After reading the article in the March Ophthalmology Management entitled “Are Medical Societies and MDs Out of Sync?” in which the Academy’s medical director of Health Policy is quoted, I feel compelled to respond. Dr. William L. Rich states, “I supported the [health care reform] bill because I thought it was best for the patients and, frankly, it’s best for our docs. We did okay.”

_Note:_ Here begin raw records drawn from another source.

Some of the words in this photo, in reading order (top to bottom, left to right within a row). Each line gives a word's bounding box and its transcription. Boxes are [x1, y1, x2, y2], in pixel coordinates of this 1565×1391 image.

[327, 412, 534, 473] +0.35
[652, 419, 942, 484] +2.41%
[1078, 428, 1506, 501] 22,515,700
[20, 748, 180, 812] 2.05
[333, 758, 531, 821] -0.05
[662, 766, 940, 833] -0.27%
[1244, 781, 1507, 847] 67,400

Abdicating our primacy as physicians and surgeons to a bureaucrat-run system of rubrics and rationing is not best for physicians, patients or America. I have read and critiqued 55 pages of the bill as part of the Physicians’ Council for Responsible Reform (PCRR) founded by Rep. Tom Price, MD (R–Ga). This bill is the disjointed disassembly of the private sector practice of medicine. It further escalates deficit spending and unfunded mandates, and opens the door to draconian rationing. It reduces physicians to widgets in the system as data gatherers and standardized health care dispensers à la Donald Berwick’s central planning schemes. Many sections are fiscally and logistically unachievable. If you’re interested, you can find my critique and a suggested template for sustainable reform at www.usaHealthalert.org.

As for the impact of such statements and medical organizations supporting the bill, I can only quote what the Speaker John Boehner (R–Ohio) said to our group of about 90 physicians in Washington, D.C., at the last PCRR board meeting: “If the AMA had come out against it, it would not have passed.” That is a heartbreaking statement made more so by the fact that the AMA represents no more than 15 percent of private practice physicians.

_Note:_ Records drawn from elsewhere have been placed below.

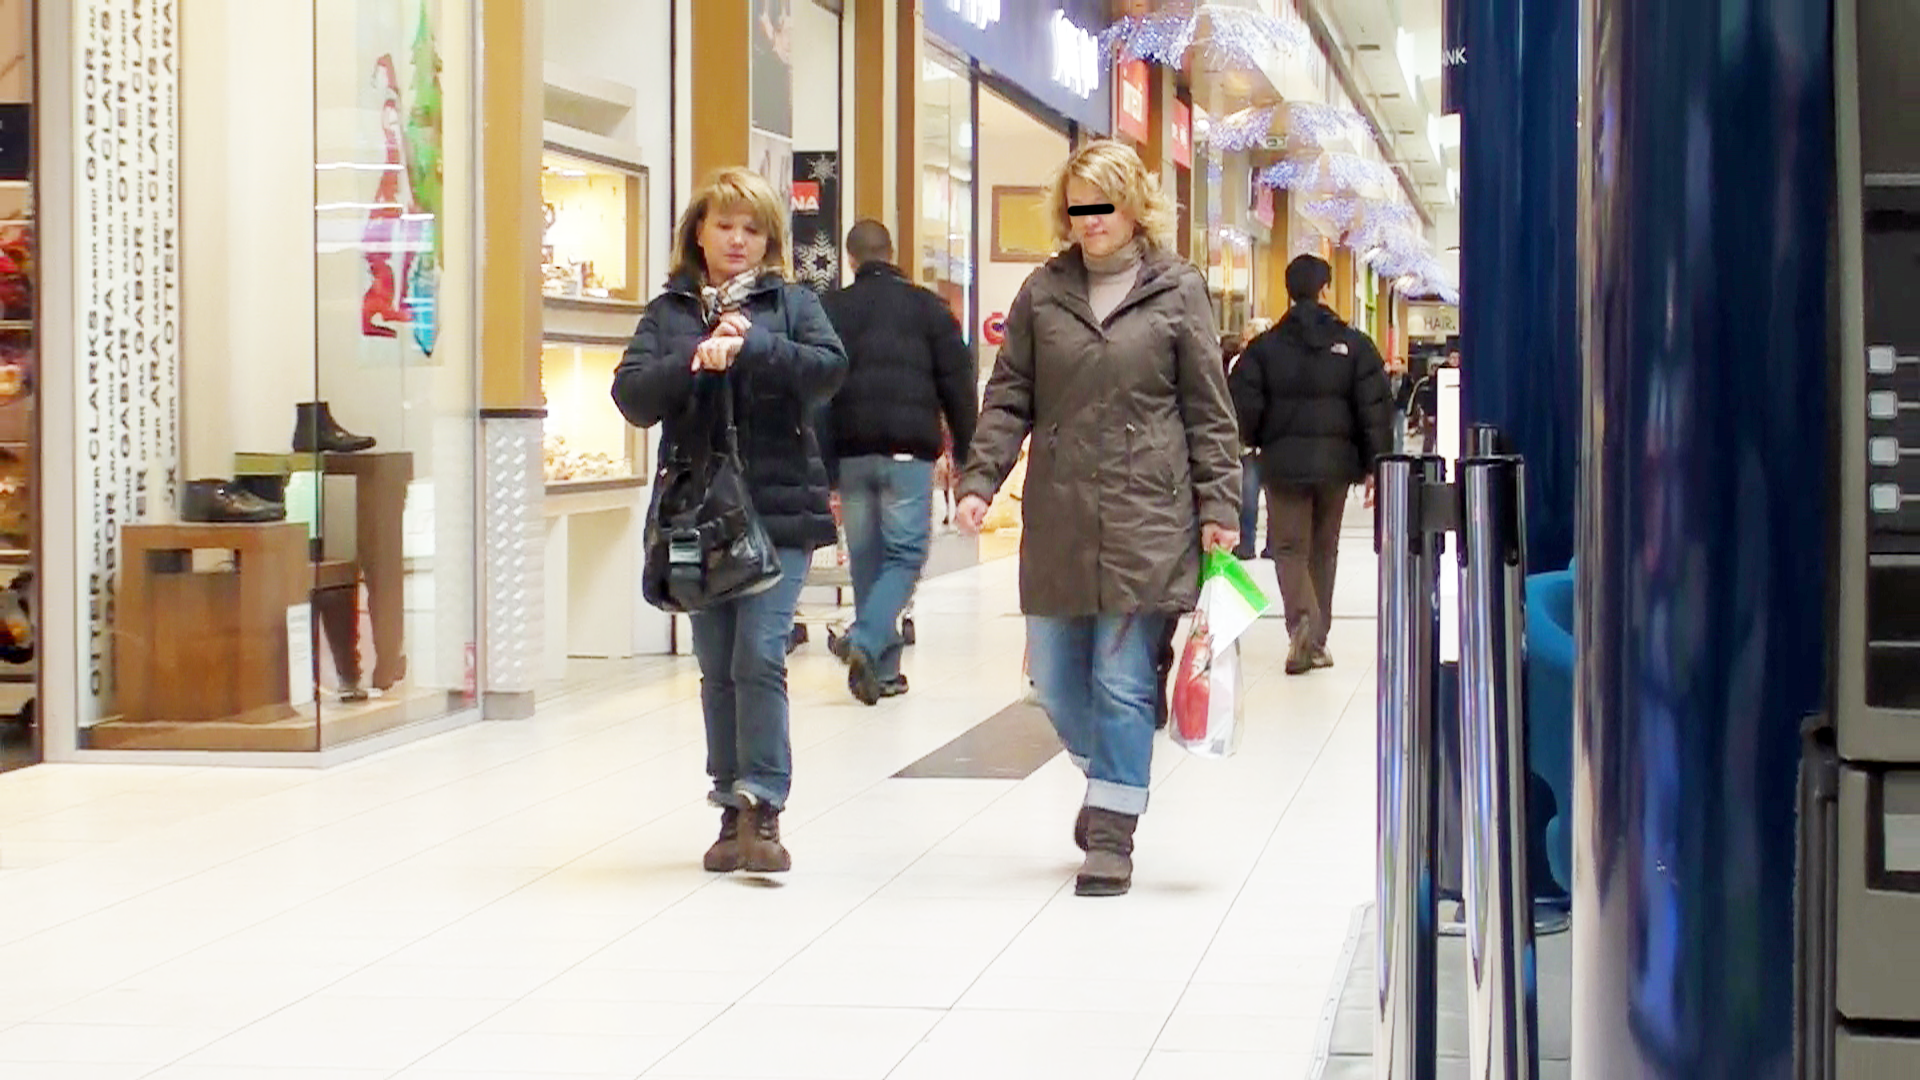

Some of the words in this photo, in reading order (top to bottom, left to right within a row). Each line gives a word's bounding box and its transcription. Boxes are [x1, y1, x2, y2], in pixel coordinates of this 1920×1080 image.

[101, 11, 113, 162] CLARKS
[131, 0, 143, 97] CLAR
[161, 2, 173, 76] ARA
[85, 48, 97, 183] GABOR
[116, 81, 128, 205] OTTER
[147, 57, 159, 204] CLARKS
[103, 289, 114, 364] ARA
[134, 228, 145, 357] GABOR
[163, 228, 175, 346] OTTER
[88, 311, 100, 462] CLARKS
[119, 329, 131, 460] GABOR
[149, 336, 161, 410] ARA
[89, 574, 102, 697] OTTER
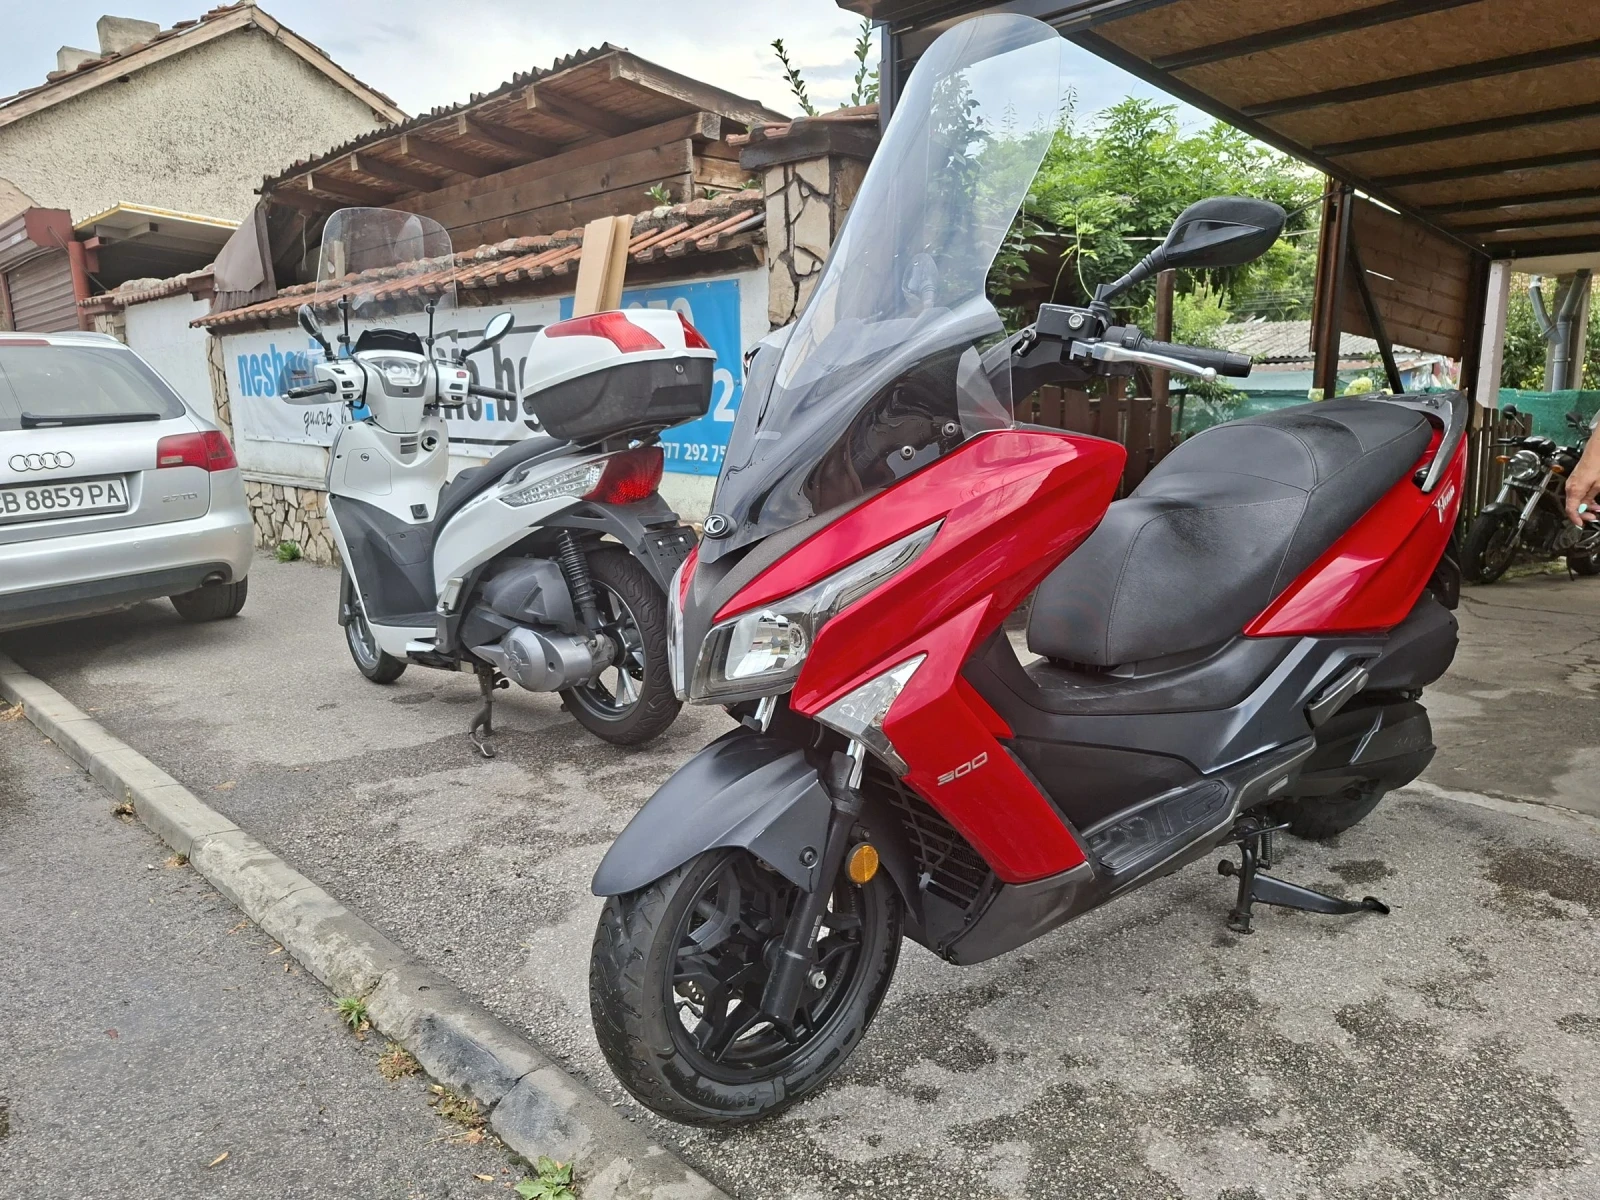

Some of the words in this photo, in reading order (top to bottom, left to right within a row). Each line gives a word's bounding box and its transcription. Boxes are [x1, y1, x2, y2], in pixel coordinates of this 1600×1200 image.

[684, 443, 708, 461] 292
[0, 491, 21, 514] B
[25, 486, 84, 511] 8859
[87, 483, 121, 505] PA
[937, 751, 988, 787] 300

In discussing what I had inferred as the Academy position on the bill with a senior Academy leader, I was gratified to learn that Dr. Rich’s quote was taken out of context and did not reflect his tireless actions on behalf of practicing physicians and our patients. However, it illustrates that we do not have a clearly articulated message of opposition to this bill, a message that is understood not only by the membership, but by the public and by elected officials as well.

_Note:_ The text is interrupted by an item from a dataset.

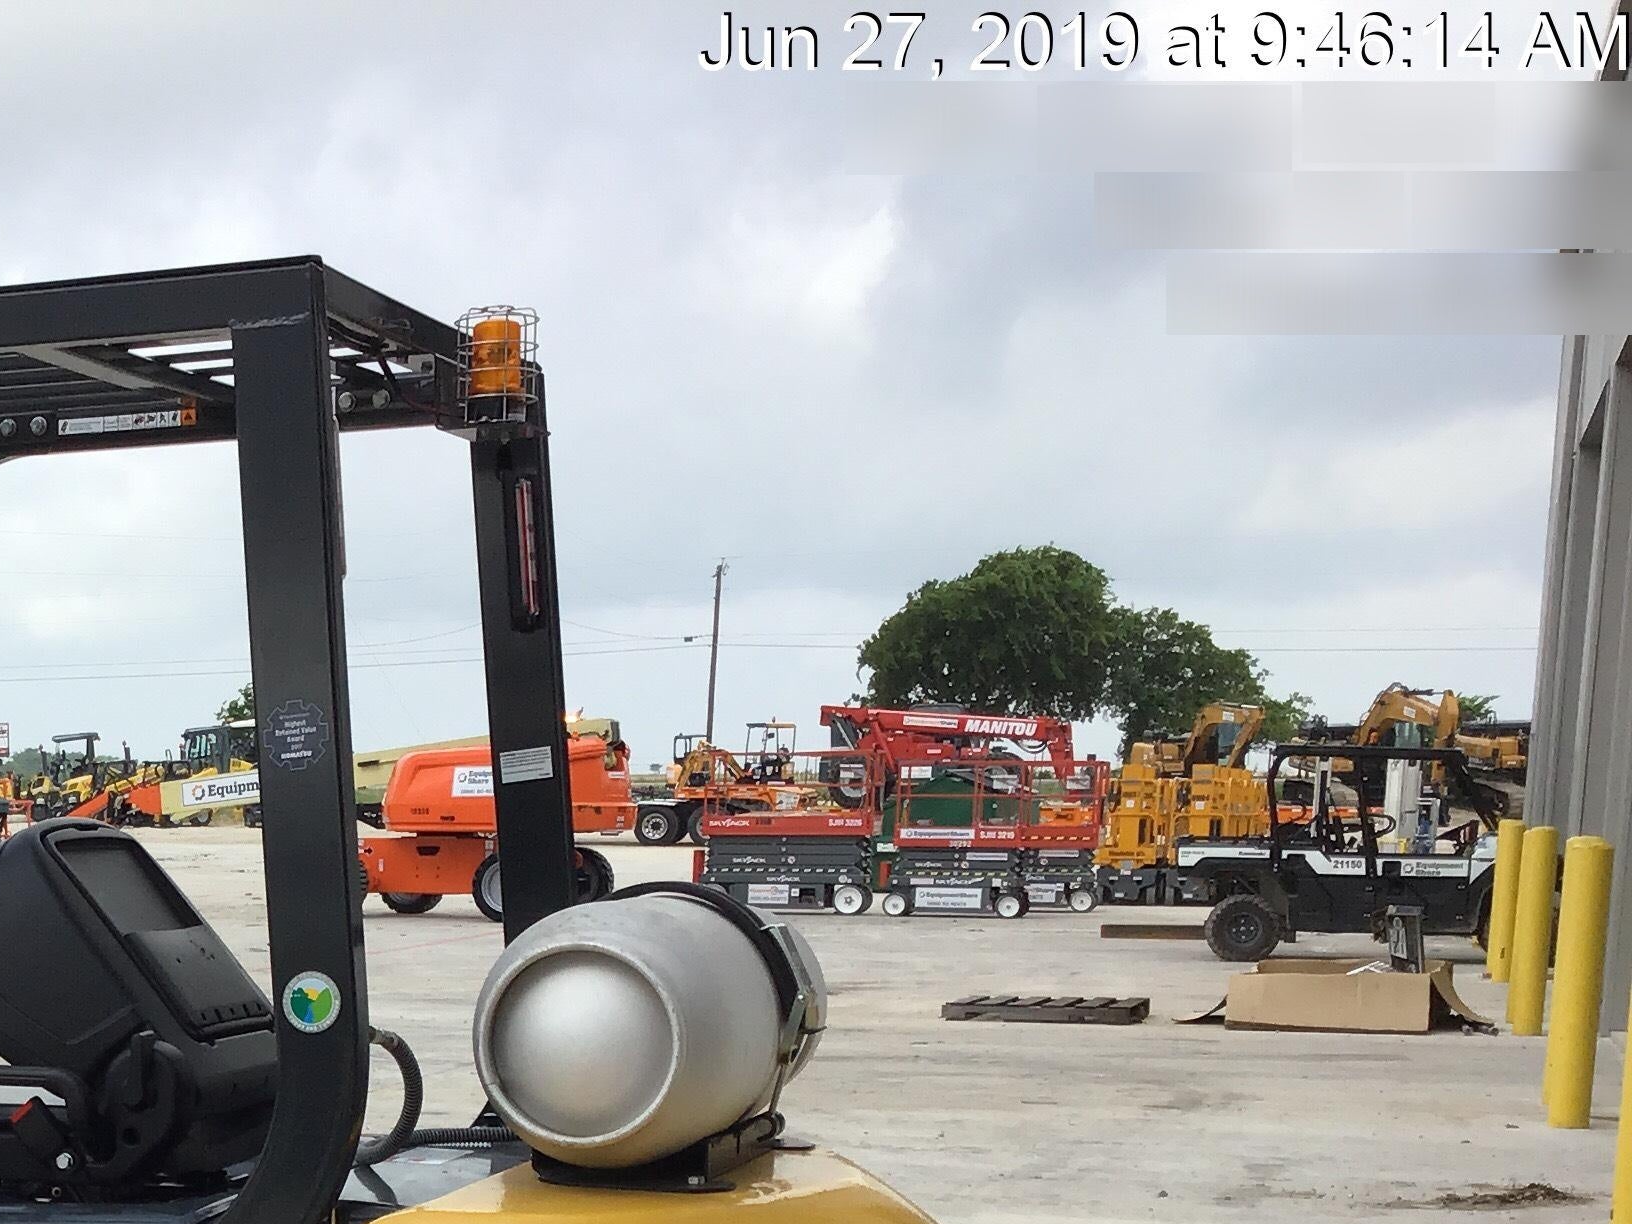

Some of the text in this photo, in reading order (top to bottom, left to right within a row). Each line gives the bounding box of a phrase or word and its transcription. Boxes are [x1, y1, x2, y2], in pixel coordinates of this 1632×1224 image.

Our system needs reform, not the federal takeover of one-sixth of the private sector economy using medicine as the vehicle. The first step for reform is the repeal of this malicious piece of legislation passed by methods that are an affront to every citizen regardless of political affiliation. Currently, there are members of Congress in leadership positions working for every opportunity to strip funding from many parts of the bill until the next opportunity for repeal. The constitutionality of the bill awaits the Supreme Court decision, and many states are taking steps to resist the federal takeover of the health care system.

I urge the Academy to formulate a clear message of opposition based on the principles of a doctor-patient centered system. We can have a huge impact with principled and forceful opposition. The timing couldn’t be more urgent.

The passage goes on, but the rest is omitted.